Climate kills

This is an archived article that was published on sltrib.com in 2013, and information in the article may be outdated. It is provided only for personal research purposes and may not be reprinted.

I dreamed Salt Lake's federal building was closed for a day due to a mass killing — the slow violence of climate change. While not as sensational as the shootings in Newtown, Conn., climate change produces more visceral deaths:

Climate change kills 4.5 million people a year, and developing countries are disproportionately affected. Climate change is not a future problem; it's a present-day global justice war.

This war is only beginning to raise alarm in more developed countries, due to storms like Hurricane Sandy and increased wildfires in the West.

Currently, political leaders, Democrat and Republican, stand idly by during a historic battle for climate justice in the United States and Canada — the proposed Keystone XL pipeline to pump oil from Canada to Texas refineries.
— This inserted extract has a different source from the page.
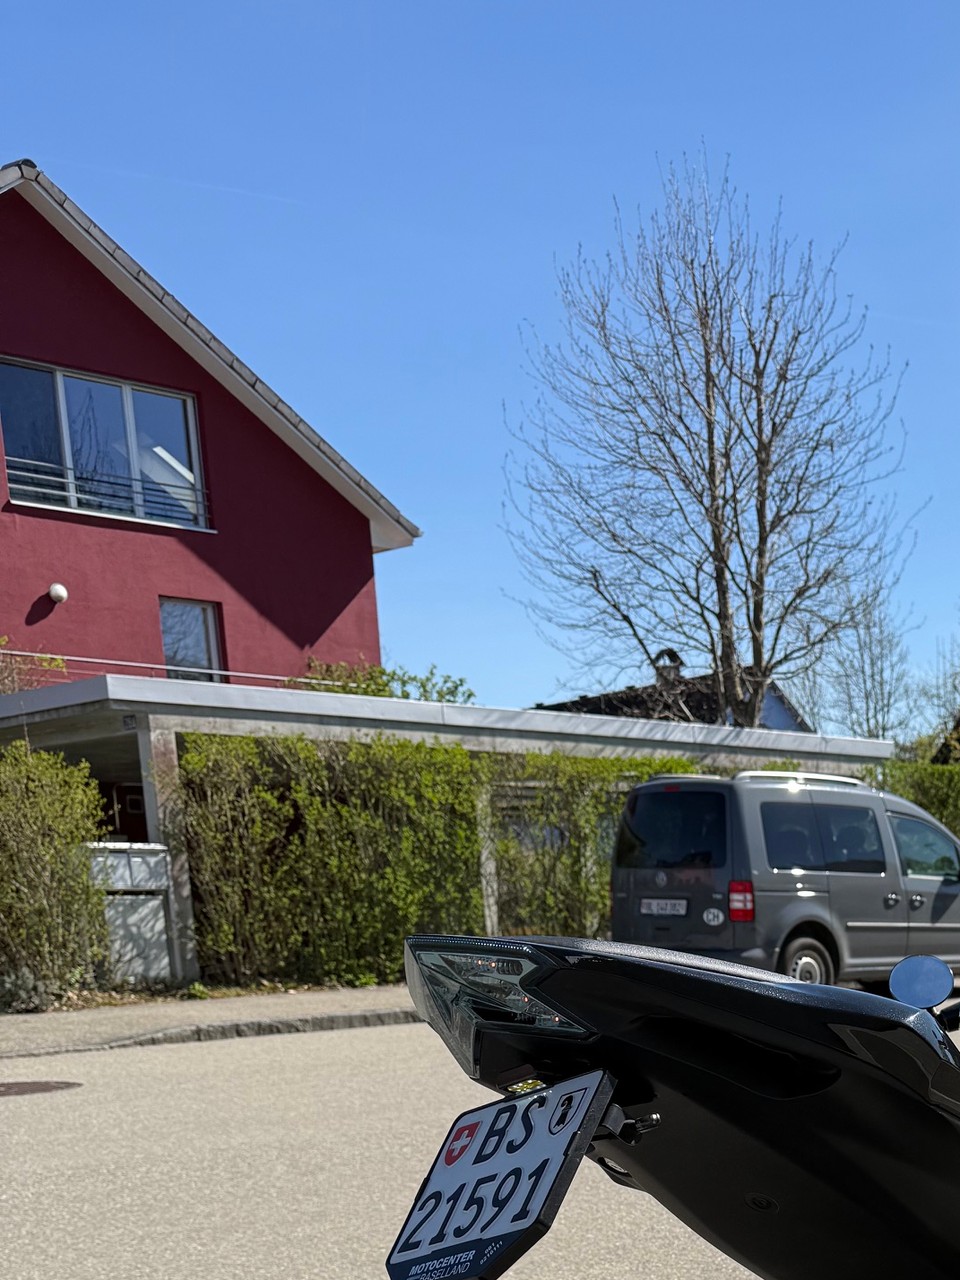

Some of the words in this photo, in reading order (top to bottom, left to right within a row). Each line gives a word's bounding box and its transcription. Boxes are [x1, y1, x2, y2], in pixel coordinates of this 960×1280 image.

[706, 910, 720, 922] CH
[472, 1095, 549, 1166] BS
[397, 1157, 550, 1254] 21591
[408, 1250, 476, 1276] MOTOCENTER
Comparable to the social movements of Seneca Falls, Selma and Stonewall, the campaign to stop tar-sands mining and the pipeline are tipping points in the climate justice movement. Last month's Senate vote endorsing the pipeline represents a mass killing of current and future generations.

I dreamed that government leaders, forced into a day off, began to act with integrity, and senators reversed their votes. Unlike Newtown shooter Adam Lanza, senators can reverse their actions.